(Phrase grounding data)
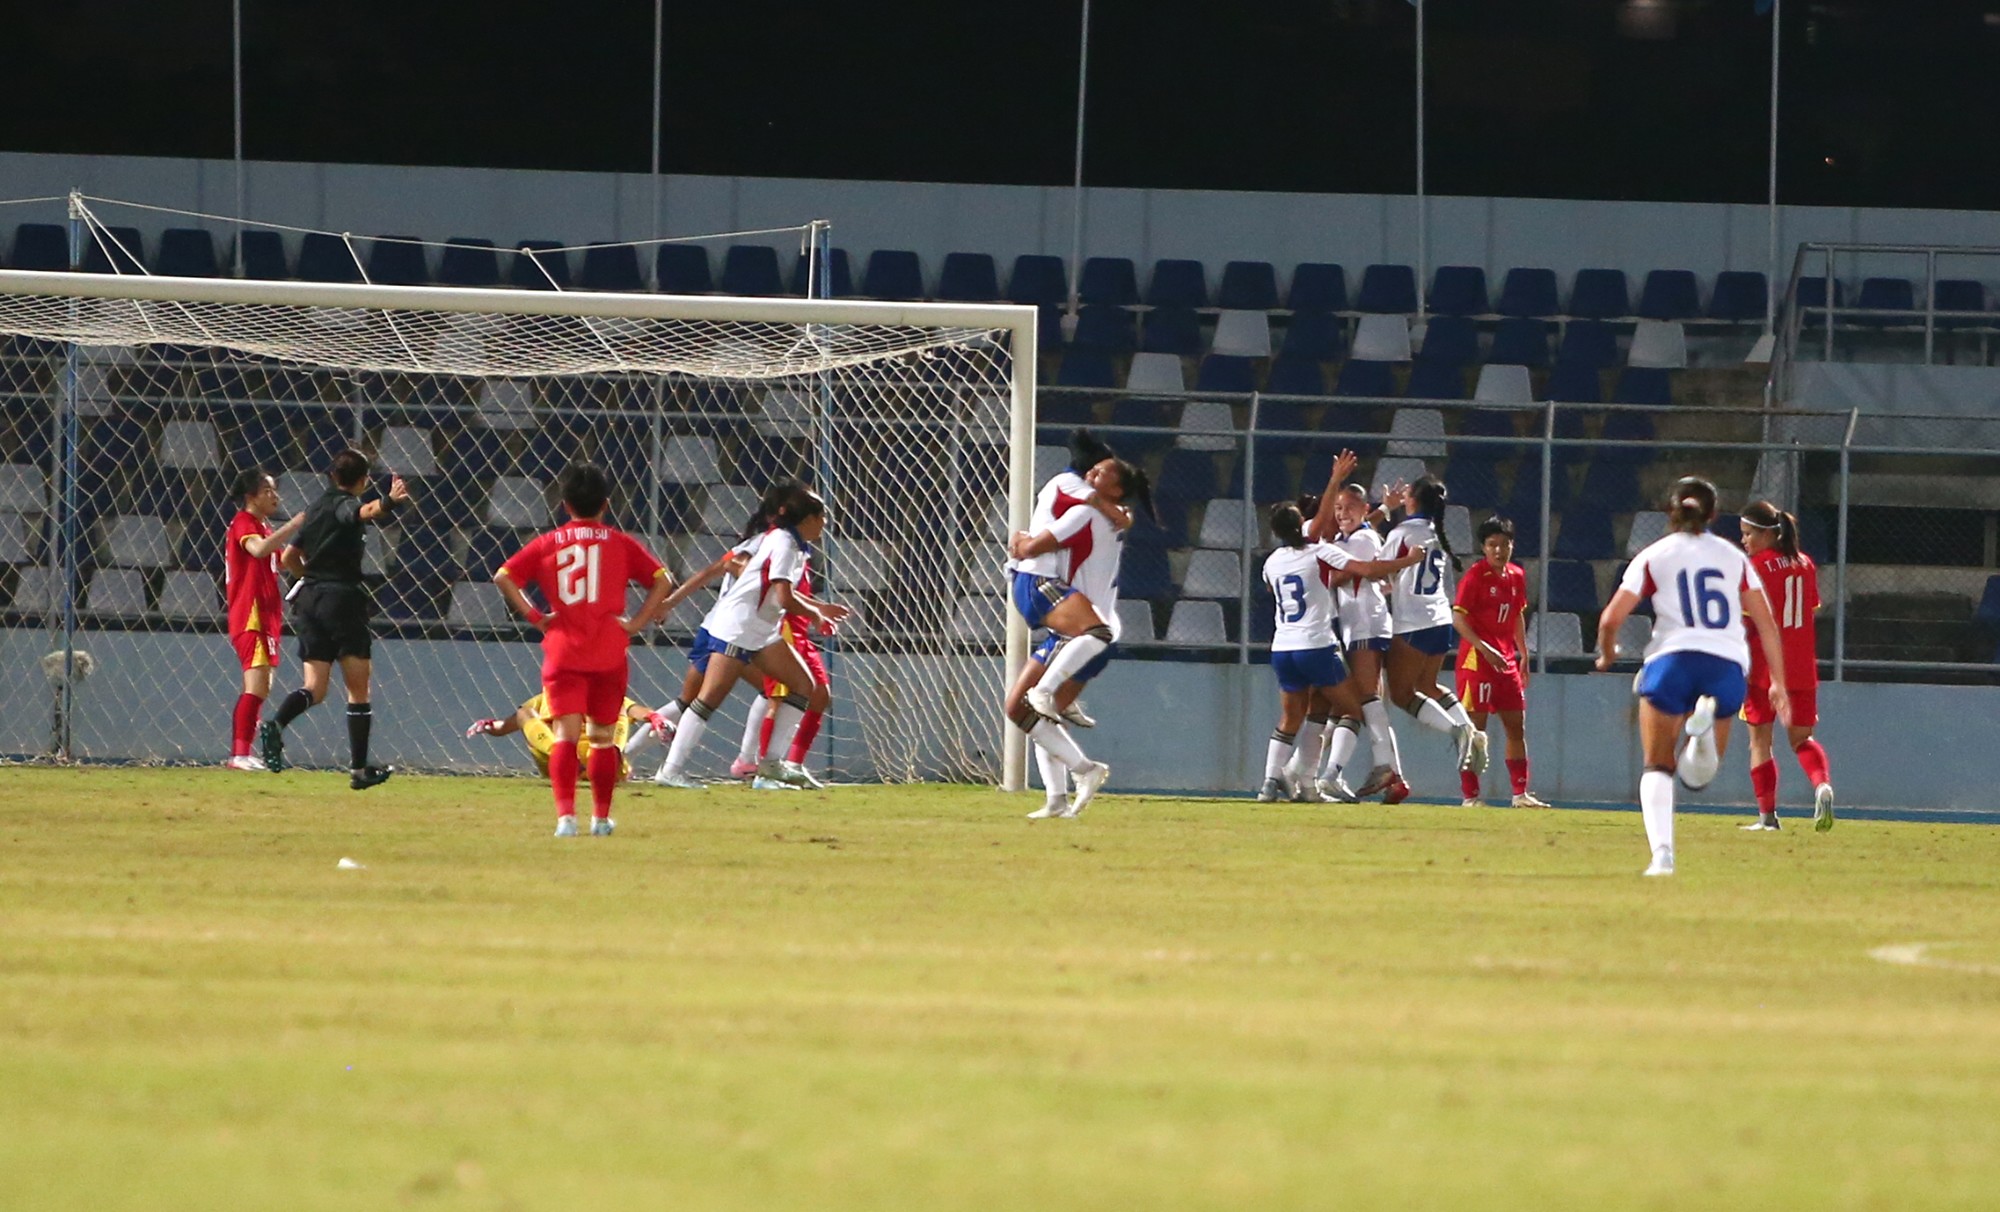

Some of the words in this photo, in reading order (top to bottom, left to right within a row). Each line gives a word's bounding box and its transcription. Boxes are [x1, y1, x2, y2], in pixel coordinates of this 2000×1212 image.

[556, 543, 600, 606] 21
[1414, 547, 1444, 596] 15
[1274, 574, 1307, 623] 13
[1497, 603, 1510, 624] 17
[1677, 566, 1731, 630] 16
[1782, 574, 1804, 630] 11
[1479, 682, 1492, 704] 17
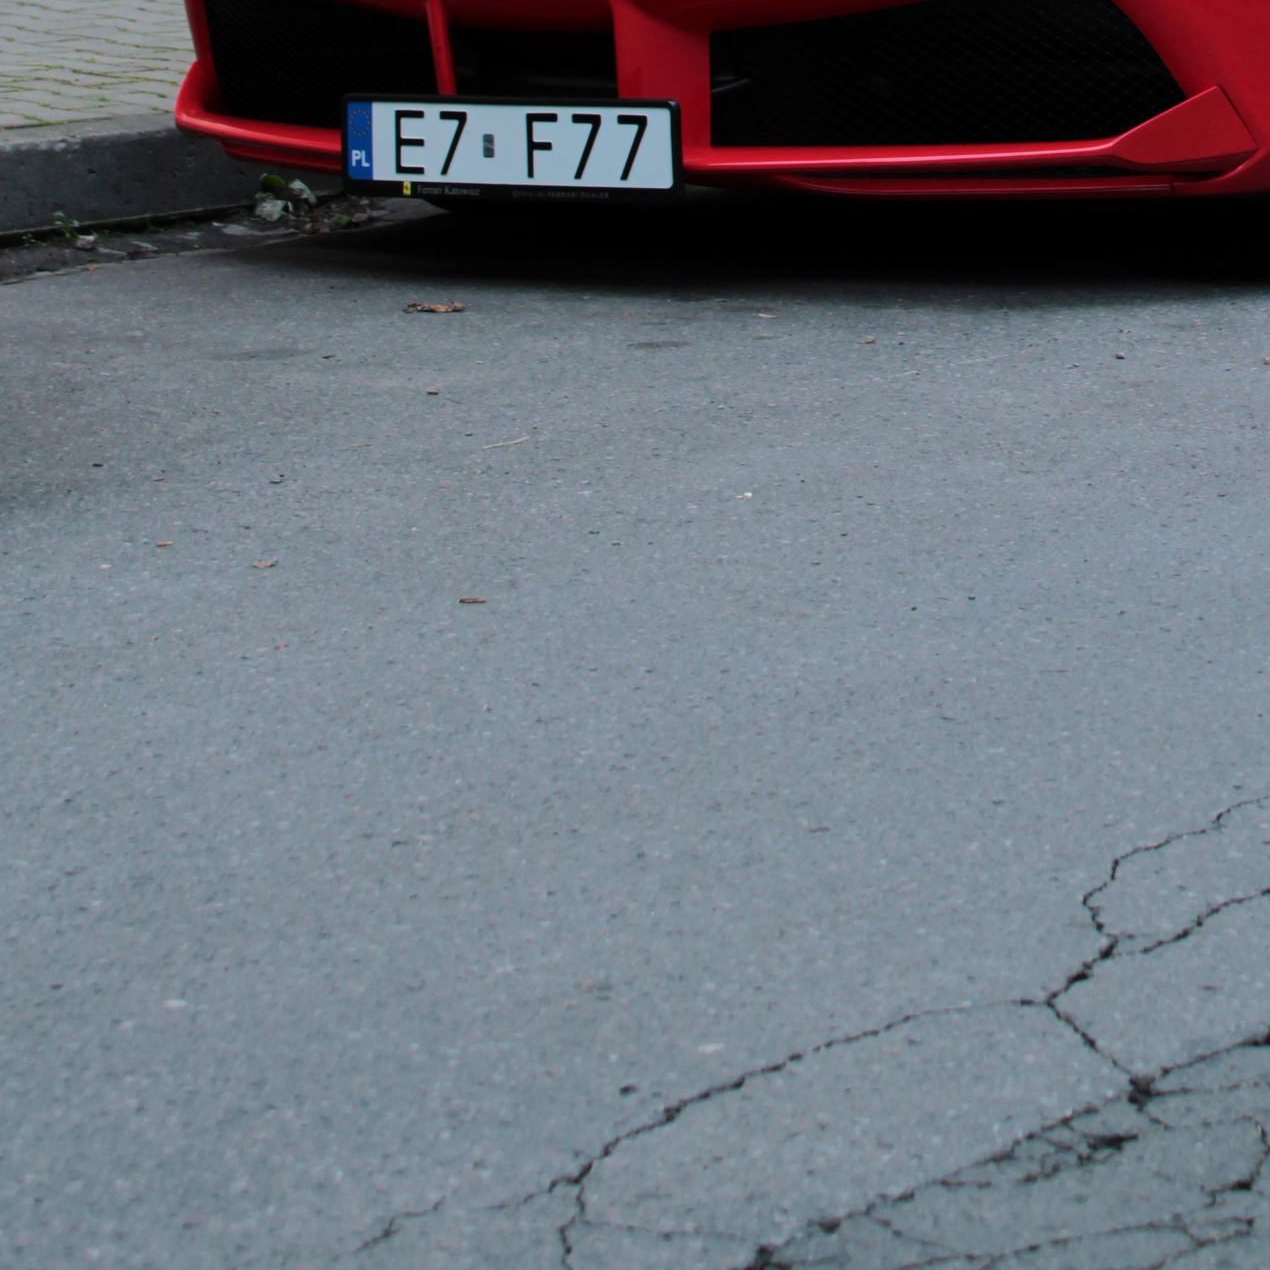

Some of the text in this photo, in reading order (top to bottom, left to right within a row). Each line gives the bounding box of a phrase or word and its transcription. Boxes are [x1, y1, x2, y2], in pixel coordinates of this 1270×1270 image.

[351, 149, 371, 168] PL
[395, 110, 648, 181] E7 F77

Work instructions: Every line of the data is to be transcribed exactly, and no picture is to be included.

Result for this exercise:
Some of the words in this photo, in reading order (top to bottom, left to right within a row). Each line gives a word's bounding box and its transcription. Boxes are [x1, y1, x2, y2], in pixel coordinates of this 2000×1212 image.

[556, 543, 600, 606] 21
[1414, 547, 1444, 596] 15
[1274, 574, 1307, 623] 13
[1497, 603, 1510, 624] 17
[1677, 566, 1731, 630] 16
[1782, 574, 1804, 630] 11
[1479, 682, 1492, 704] 17

Some of the text in this photo, in reading order (top to bottom, left to right within a row). Each line gives the bounding box of a phrase or word and its transcription. Boxes are [x1, y1, x2, y2], in pixel coordinates of this 1270×1270 image.

[351, 149, 371, 168] PL
[395, 110, 648, 181] E7 F77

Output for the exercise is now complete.